HYPOX - Recommendations

The partners in charge of managing the observation systems of the HYPOX project consortium performed a first evaluation of data quality on the data-set acquired during the monitoring and sensing activity. This resulted in a summary with advices and strategies for in situ marine environment monitoring activities in the project and in similar future water cycle monitoring attempts. Although several critical points were identified in specific observatories, a set of common recommendations was also established.

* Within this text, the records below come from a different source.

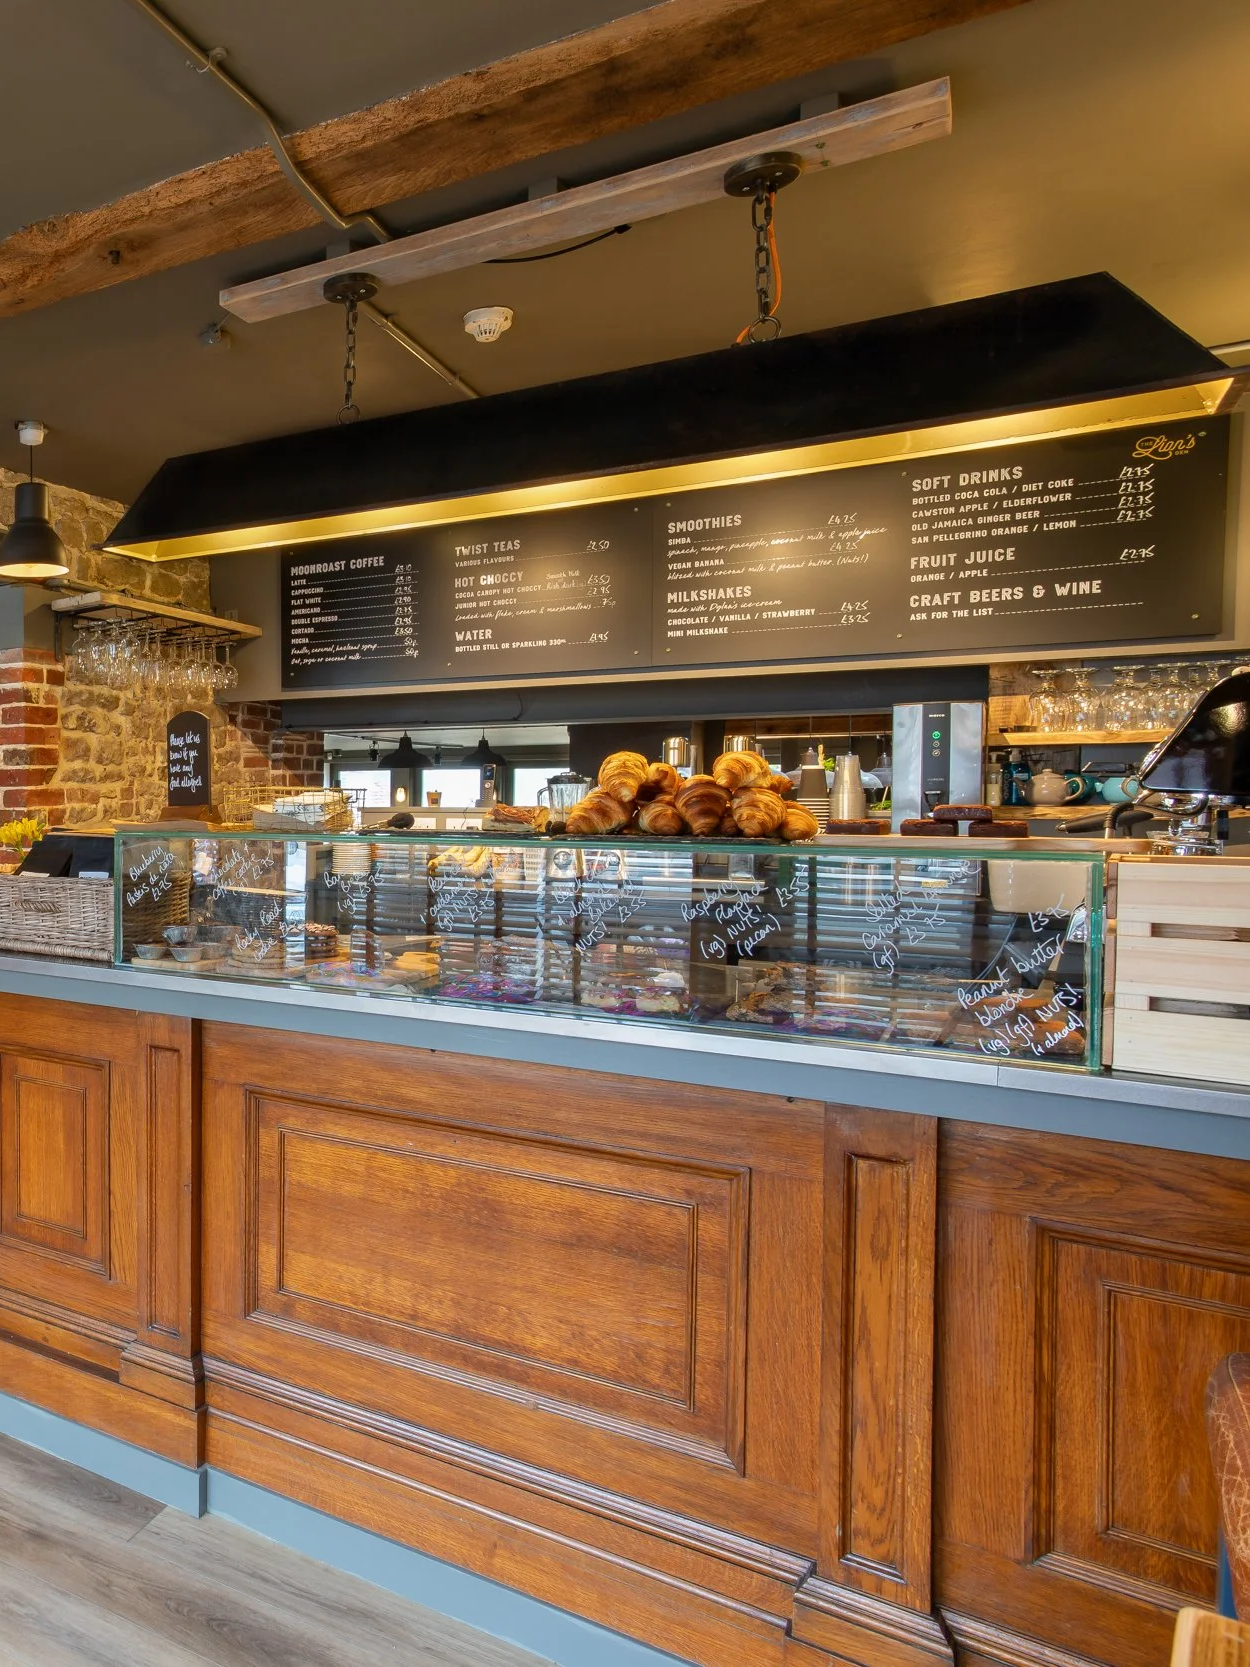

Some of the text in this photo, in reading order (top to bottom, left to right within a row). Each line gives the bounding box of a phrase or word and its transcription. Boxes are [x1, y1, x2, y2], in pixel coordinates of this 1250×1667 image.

[1132, 435, 1196, 460] Lion's
[911, 466, 1023, 492] SOFT DRINKS
[912, 494, 951, 505] BOTTLED
[954, 490, 980, 500] COCA
[983, 486, 1008, 497] COLA
[1022, 482, 1044, 492] DIET
[1047, 478, 1075, 489] COKE
[911, 506, 956, 519] CAWSTON
[959, 502, 990, 513] APPLE
[1002, 492, 1073, 508] ELDERFLOWER
[667, 514, 743, 534] SMOOTHIES
[911, 523, 929, 531] OLD
[931, 517, 975, 530] JAMAICA
[977, 514, 1012, 525] GINGER
[1015, 510, 1041, 520] BEER
[770, 534, 805, 545] coconut
[911, 535, 930, 545] SAN
[932, 530, 988, 543] PELLEGRINO
[991, 525, 1030, 536] ORANGE
[1043, 519, 1077, 531] LEMON
[454, 539, 521, 557] TWIST TEAS
[668, 537, 692, 546] SIMBA
[290, 556, 385, 576] MOONROAST COFFEE
[454, 555, 515, 568] VARIOUS FLAVOURS
[668, 558, 725, 571] VEGAN BANANA
[910, 547, 1016, 570] FRUIT JUICE
[454, 571, 524, 588] HOT CHOCCY
[695, 568, 713, 578] with
[713, 565, 747, 576] coconut
[910, 572, 946, 583] ORANGE
[958, 569, 989, 579] APPLE
[291, 587, 324, 596] CAPPUCCINO
[455, 591, 475, 599] COCOA
[476, 588, 501, 597] CANOPY
[517, 584, 542, 593] CHOCCY
[667, 585, 752, 604] MILKSHAKES
[909, 579, 1103, 608] CRAFT BEERS & WINE
[291, 598, 304, 606] FLAT
[455, 601, 477, 609] JUNIOR
[492, 598, 518, 606] CHOCCY
[666, 605, 691, 614] made
[690, 603, 708, 612] with
[291, 607, 321, 616] AMERICANO
[291, 615, 338, 625] DOUBLE ESPRESSO
[667, 616, 709, 626] CHOCOLATE
[718, 613, 752, 622] VANILLA
[762, 608, 816, 619] STRAWBERRY
[909, 607, 994, 621] ASK FOR THE LIST
[291, 627, 315, 635] CORTADO
[455, 629, 493, 642] WATER
[667, 630, 685, 638] MINI
[686, 626, 729, 637] MILKSHAKE
[291, 637, 310, 645] MOCHA
[455, 644, 481, 652] BOTTLED
[482, 643, 499, 651] STILL
[512, 640, 547, 648] SPARKLING
[129, 846, 166, 881] Blueberry
[149, 872, 160, 885] de
[680, 877, 740, 922] Raspberry
[726, 904, 766, 940] NUTS!
[575, 921, 611, 953] NUTS!
[957, 933, 1065, 1010] Peanut butter
[974, 987, 1034, 1027] blondie
[1035, 982, 1082, 1023] NUTS!

These are the main conclusions:·        

  • It is very important to pre-test equipment and to resolve all the issues with measurement equipment before deployment. On the other hand, for complex observatory systems with components of various manufacturers, it is very important to have all the equipments within the system properly tested together before the first deployment.
  • When designing an observatory system, a monitoring strategy has to be established for such a, based on the number and type of sensors required, frequency of measurements, position of the observatory, total power consumption and mobility of the system, deployment strategy and capability of support vessels and finally maintenance issues.
  • Corrosion should be prevented as much as possible, because observatories are deployed for long periods of time. Including enough sacrificial anodes on instruments and frames, and isolating metal parts are recommended actions. 
  • It is important to monitor as many output parameters as possible, including those not related to water properties. They can be used to detect and explain malfunction and equipment damage.
  • Systems should have enough capacity to cope with established measurement frequency. In this context, using an inadequate monitoring frequency can lead to increased power consumption, higher required storage capacity and more hours for data analysing.
  • Collected data should be backed up on several independent levels within the observatory system, even for cabled systems.
  • To ensure that the data collection software is capable of re-activating automatically the link between the observatory and the base station if communication is broken, and also retrospectively of collecting data stored during the interruption as well as incorporating it into the database. Preferably, it should also include an alarm system.   
  • Cabled observatories have several advantages such as unlimited power supply, real-time communication and remote control of instruments. Moreover, measurement intervals can be changed and data can be continuously evaluated. However, adding a cable and a base station is expensive and complex. Nevertheless, acabled observatory could also be assured using Uninterruptible Power Supply (UPS) power systems and internal batteries.         
  • An Automatic data display can provide a quick view to assess the quality of data and the system performance.
  • Sensor accuracy should be verified on a regular basis, by using independent calibrated sensors. In situ calibration should be possible if a 2-way communication is available. However, recovery of instruments for calibrating them is encouraged because in most cases signal drift is coupled to biofouling phenomena. So, if possible, regular visits for cleaning and removing biofouling during warm summer months should be planned for the most sensible components, and for devices deployed in warm oxic flora and fauna rich water.               
  • Verifying data quality should be done automatically in real time (during the process of importing data from the observatories) and in a delayed mode (run by a data curator). Basic items to be checked during automated reviews should be date/time values, pre-defined thresholds and outliers.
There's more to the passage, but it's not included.